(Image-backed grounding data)
######

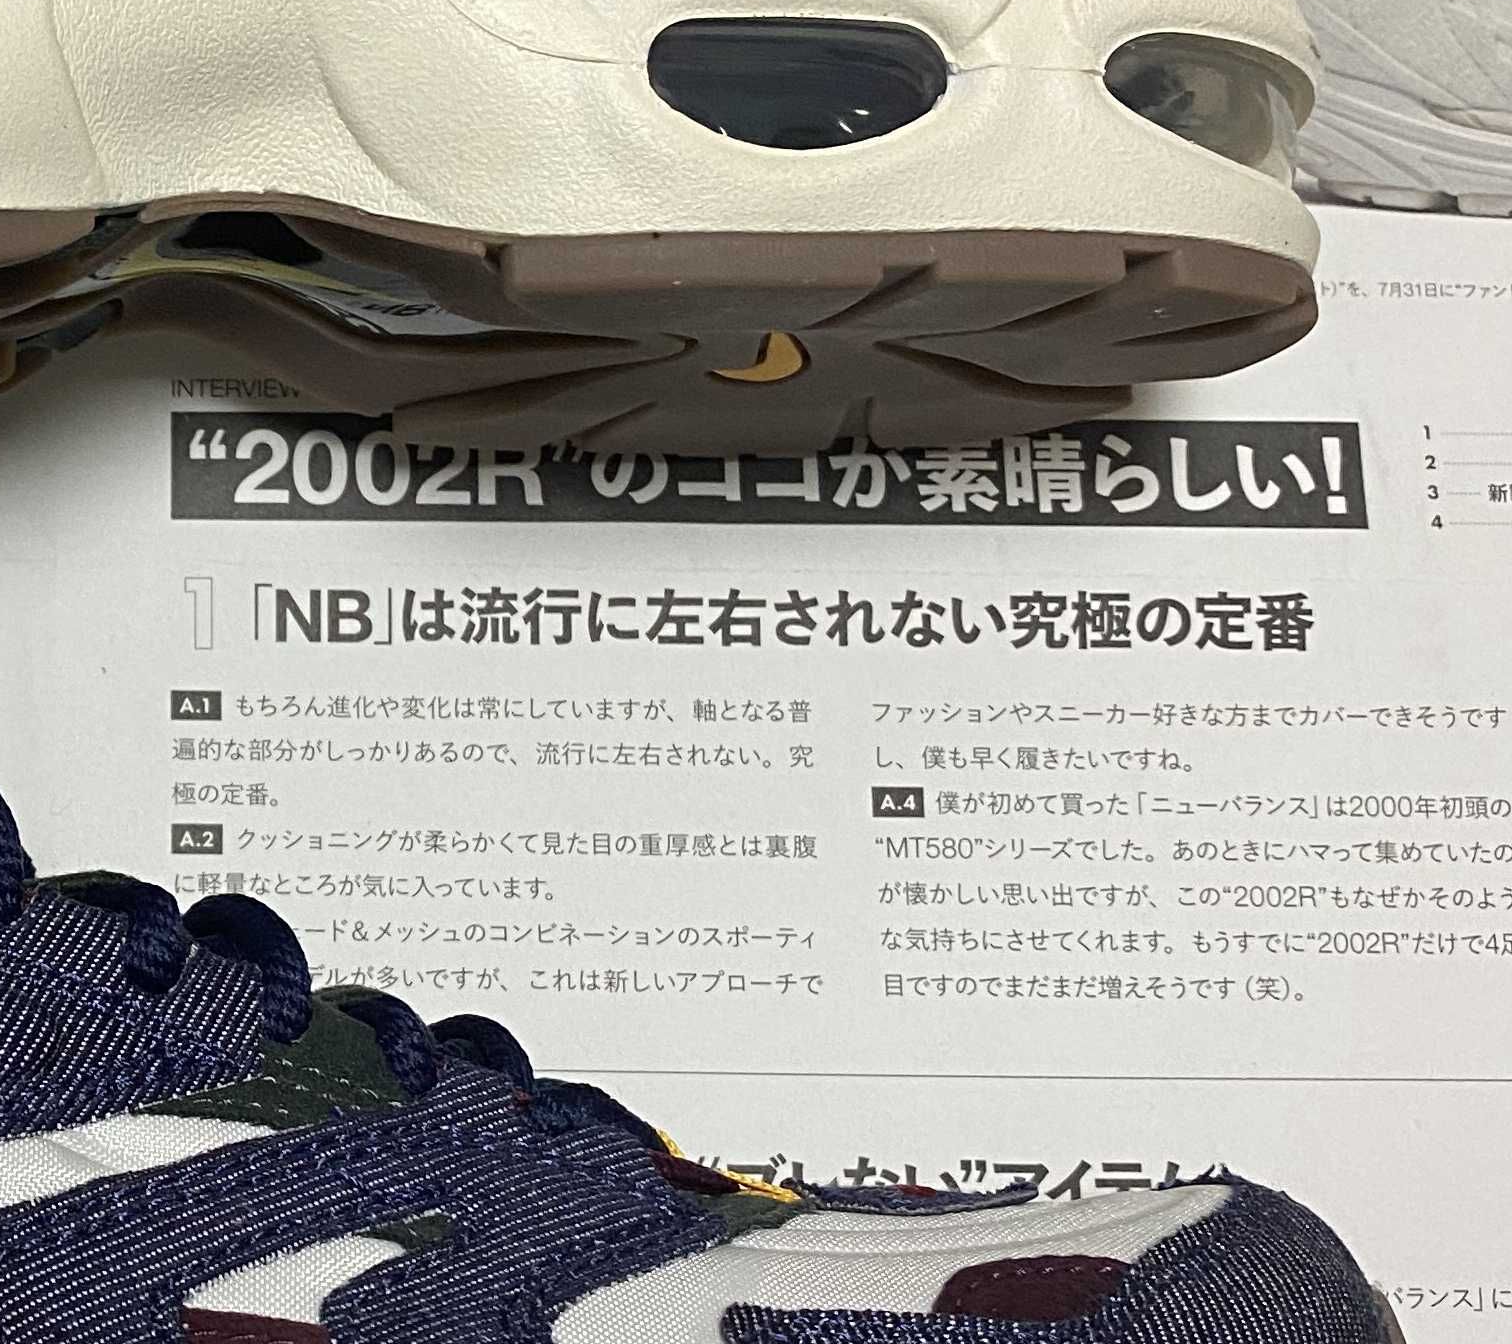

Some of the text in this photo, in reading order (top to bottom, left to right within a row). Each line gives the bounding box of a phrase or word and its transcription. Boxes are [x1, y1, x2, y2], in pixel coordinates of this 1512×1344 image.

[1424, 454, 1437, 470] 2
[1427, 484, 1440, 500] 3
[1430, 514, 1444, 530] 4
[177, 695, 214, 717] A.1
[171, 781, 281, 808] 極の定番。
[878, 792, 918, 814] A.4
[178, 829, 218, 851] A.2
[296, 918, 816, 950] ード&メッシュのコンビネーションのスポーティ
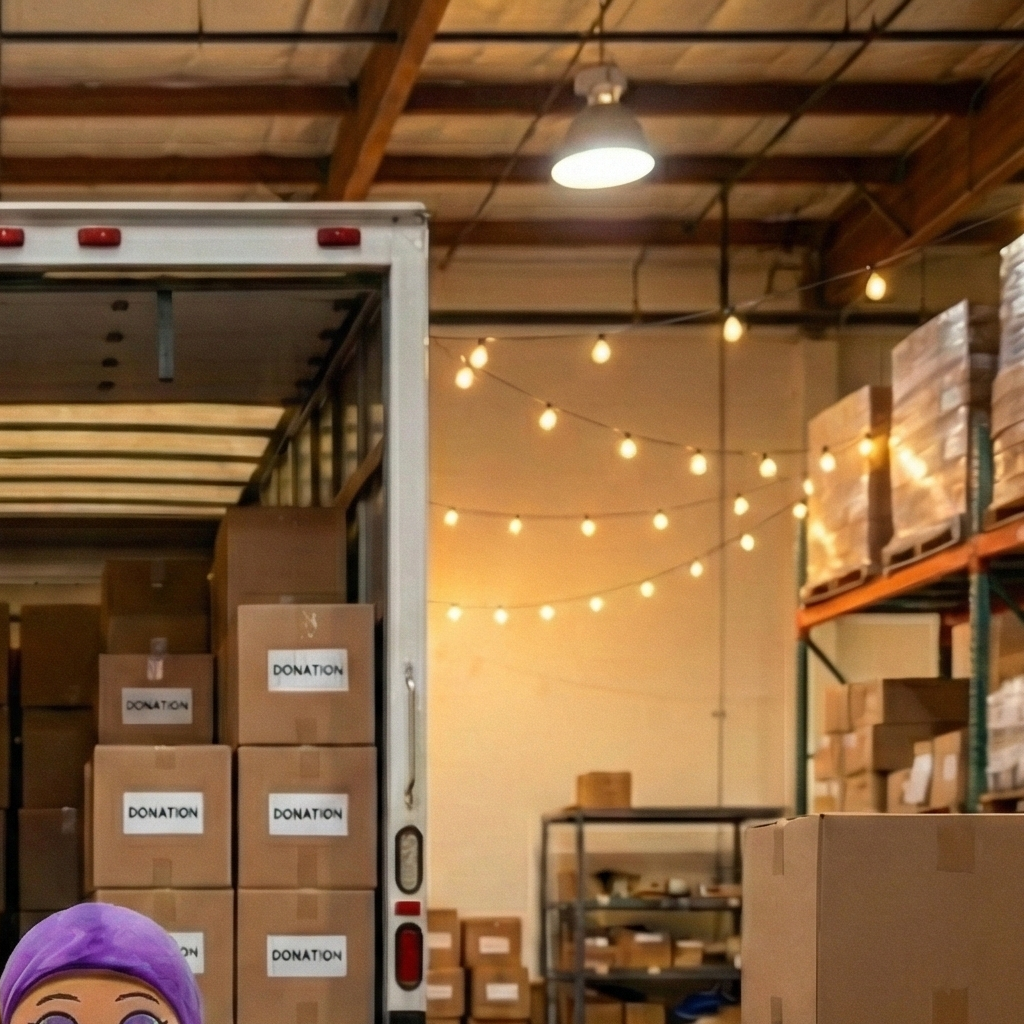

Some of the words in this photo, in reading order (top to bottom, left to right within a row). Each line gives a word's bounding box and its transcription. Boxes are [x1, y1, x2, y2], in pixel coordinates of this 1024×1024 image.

######

» **EXERCISE**
Your copy should match every entry above exactly and contain no pictures.

» **YOUR SOLUTION**
Some of the text in this photo, in reading order (top to bottom, left to right within a row). Each line gives the bounding box of a phrase or word and its transcription. Boxes are [x1, y1, x2, y2], in pixel coordinates of this 1512×1344 image.

[1424, 454, 1437, 470] 2
[1427, 484, 1440, 500] 3
[1430, 514, 1444, 530] 4
[177, 695, 214, 717] A.1
[171, 781, 281, 808] 極の定番。
[878, 792, 918, 814] A.4
[178, 829, 218, 851] A.2
[296, 918, 816, 950] ード&メッシュのコンビネーションのスポーティ

Some of the words in this photo, in reading order (top to bottom, left to right within a row). Each line gives a word's bounding box and its transcription. Boxes are [x1, y1, x2, y2], in pixel coordinates of this 1024×1024 image.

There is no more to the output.